From November 24, 2022 to March 26, 2023, an exhibition on the work and influence of Friedl Dicker and Franz Singer will take place at Atelier Bauhaus in Vienna. The artist and the artist were part of the young Viennese Bauhaus avant-garde, of which hardly any exhibits remain due to war destruction and co. The Bauhaus Archive, supplemented by private collections, is presenting a comprehensive show of models, drawings and photographs, some of which have never been exhibited in public before. The exhibition is complemented by a comprehensive publication.
From November 24, 2022 to March 26, 2023, an exhibition on the work and influence of Friedl Dicker and Franz Singer will take place at Atelier Bauhaus in Vienna. The artists were part of the young Viennese Bauhaus avant-garde. Due to the destruction of the war and the like, hardly any exhibits from this period remain. The Bauhaus Archive, supplemented by private collections, is presenting a comprehensive show with models, drawings and photographs, some of which have never been exhibited in public before. A comprehensive publication rounds off the exhibition.

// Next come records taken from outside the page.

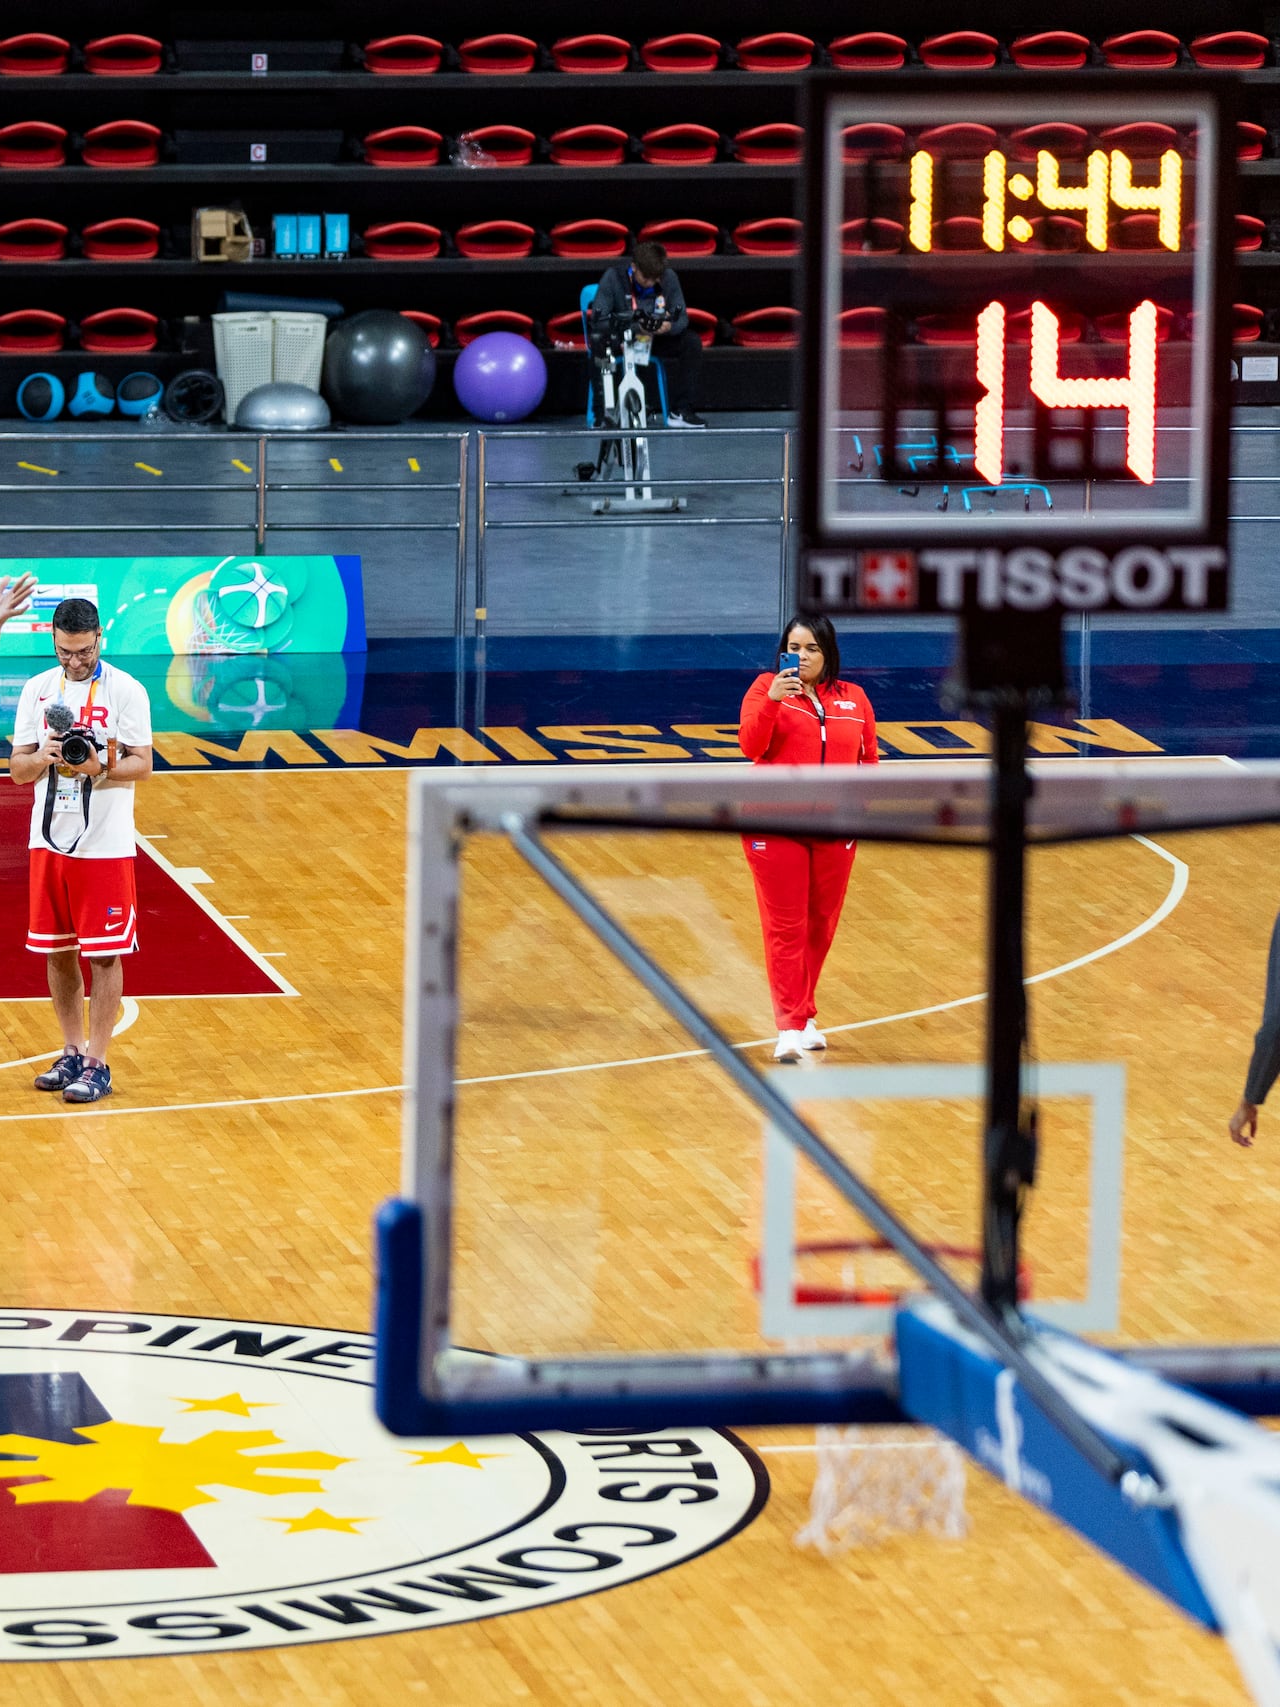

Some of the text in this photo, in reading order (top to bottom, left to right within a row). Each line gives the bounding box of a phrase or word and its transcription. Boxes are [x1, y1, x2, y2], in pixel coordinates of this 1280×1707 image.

[255, 55, 265, 69] D
[253, 145, 263, 160] C
[908, 149, 1183, 253] 11:44
[974, 299, 1158, 486] 14
[921, 545, 1227, 609] TISSOT
[568, 1427, 719, 1505] RTS

The exhibition on the work of Friedl Dicker (1898-1944) and Franz Singer (1896-1954) opens today, November 24, 2022, at the Wien Museum. Sketches, axonometric representations, previously unpublished photographs, drawings and models will be on display until March 26, 2023. They belong to this part of the Bauhaus as remnants of a largely destroyed canon of works.

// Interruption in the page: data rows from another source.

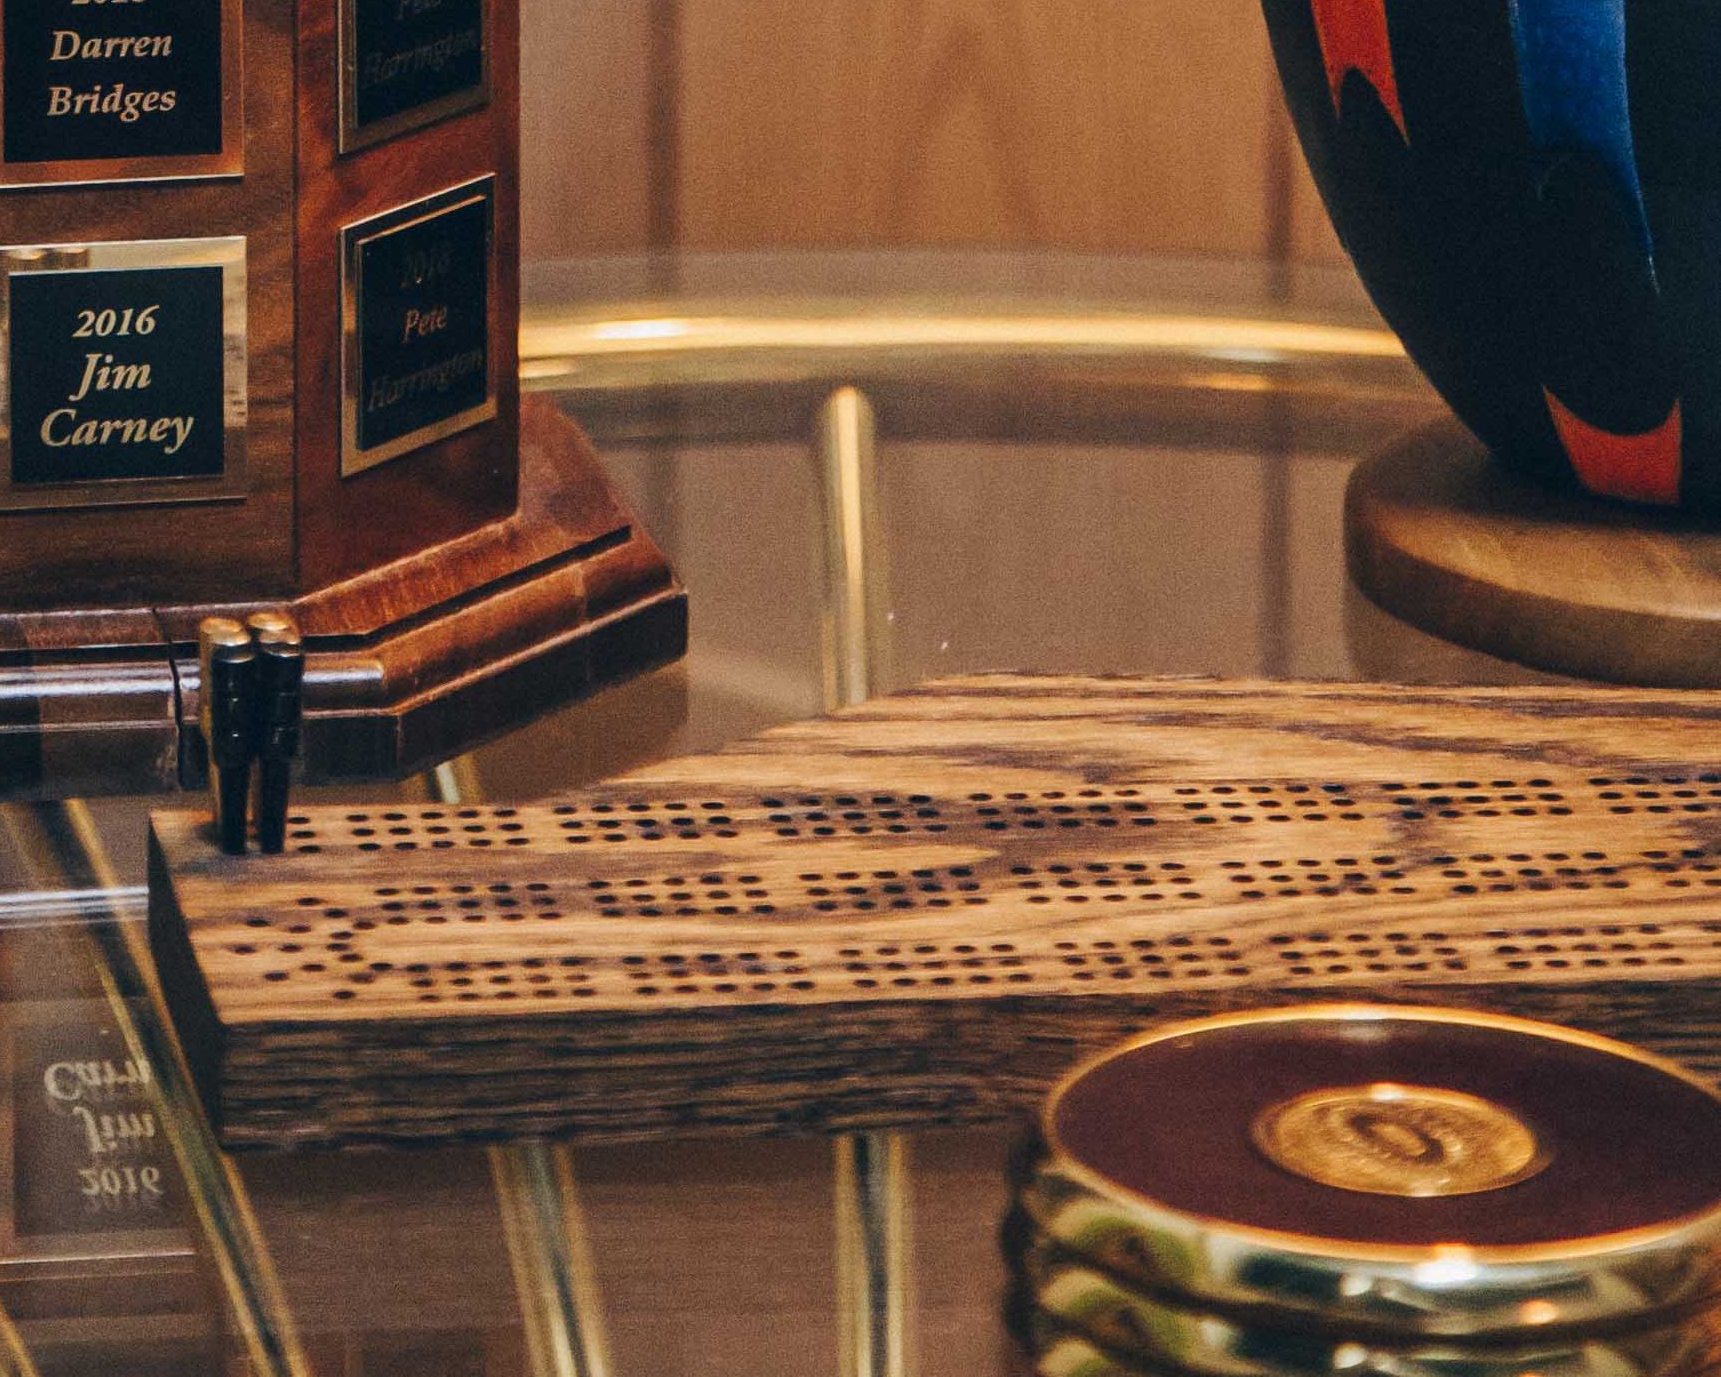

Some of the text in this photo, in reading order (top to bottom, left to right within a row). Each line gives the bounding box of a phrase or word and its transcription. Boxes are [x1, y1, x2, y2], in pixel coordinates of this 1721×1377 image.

[50, 30, 174, 62] Darren
[46, 82, 177, 122] Bridges
[72, 304, 160, 339] 2016
[401, 303, 448, 345] Pete
[68, 352, 152, 402] Jim
[39, 406, 195, 454] Carney

The exhibition is open Tuesday to Sunday (including public holidays) from 10 am to 6 pm. The works on display range from Vienna, Berlin and London to Czechoslovakia and Palestine.
Johannes Ittens and the Bauhaus
Dicker and Singer were part of a Viennese group of early Bauhaus students who joined Johannes Ittens and more than a dozen young artists at the Bauhaus in Weimar in 1919. Traces of this Viennese avant-garde have survived only sparsely and in isolated cases due to persecution under the Nazi regime, wartime destruction and the general demolition of built structures.

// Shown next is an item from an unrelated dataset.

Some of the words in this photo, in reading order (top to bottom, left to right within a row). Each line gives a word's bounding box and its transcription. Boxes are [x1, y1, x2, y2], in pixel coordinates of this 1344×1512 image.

Johannes Itten, a Swiss painter, founded a private art school in Vienna, which many young people joined during the First World War. This took place in the war-related tension between destruction, upheaval and a spirit of optimism. It was in Vienna that he finally met Alma Mahler and Walter Gropius. The latter appointed him to the Weimar Bauhaus, where many of Itten’s students followed him.
While Franz Singer emigrated to England during the Second World War and was able to continue working there, Friedl Dicker was initially still politically active in Czechoslovakia. However, she was deported in 1942 and finally murdered in Auschwitz in 1944. This makes the exhibition all the more important and exciting. For the first time, it presents a comprehensive picture of the young Viennese Bauhaus group, drawn from individual private collections and the Bauhaus Archive in Berlin.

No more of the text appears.